Images should be omitted while the rest of the data is duplicated exactly.
• • •
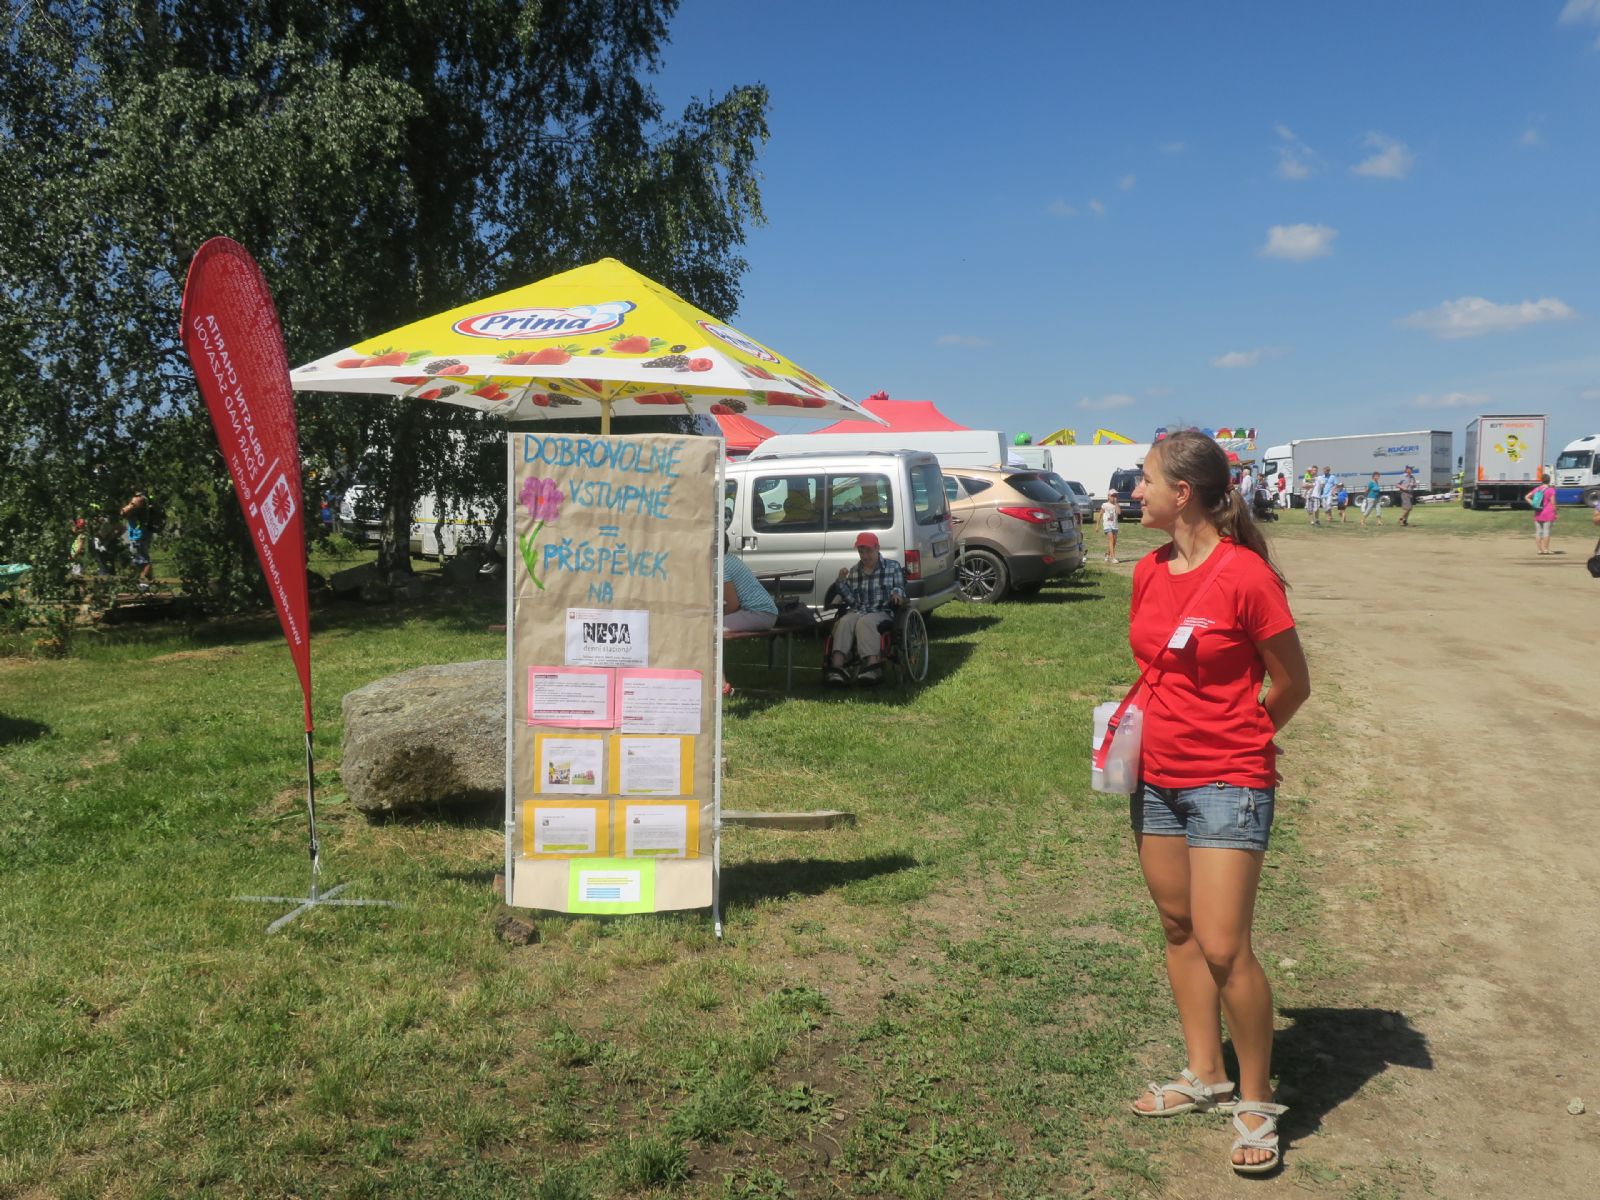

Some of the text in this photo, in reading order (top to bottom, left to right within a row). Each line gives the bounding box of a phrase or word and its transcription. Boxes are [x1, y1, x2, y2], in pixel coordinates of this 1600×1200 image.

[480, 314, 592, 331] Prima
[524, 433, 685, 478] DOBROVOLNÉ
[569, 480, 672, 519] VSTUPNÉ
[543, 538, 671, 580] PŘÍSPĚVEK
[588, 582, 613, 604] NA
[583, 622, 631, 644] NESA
• • •
WRITTEN ANSWER:
Some of the text in this photo, in reading order (top to bottom, left to right within a row). Each line gives the bounding box of a phrase or word and its transcription. Boxes are [x1, y1, x2, y2], in pixel coordinates of this 1600×1200 image.

[480, 314, 592, 331] Prima
[524, 433, 685, 478] DOBROVOLNÉ
[569, 480, 672, 519] VSTUPNÉ
[543, 538, 671, 580] PŘÍSPĚVEK
[588, 582, 613, 604] NA
[583, 622, 631, 644] NESA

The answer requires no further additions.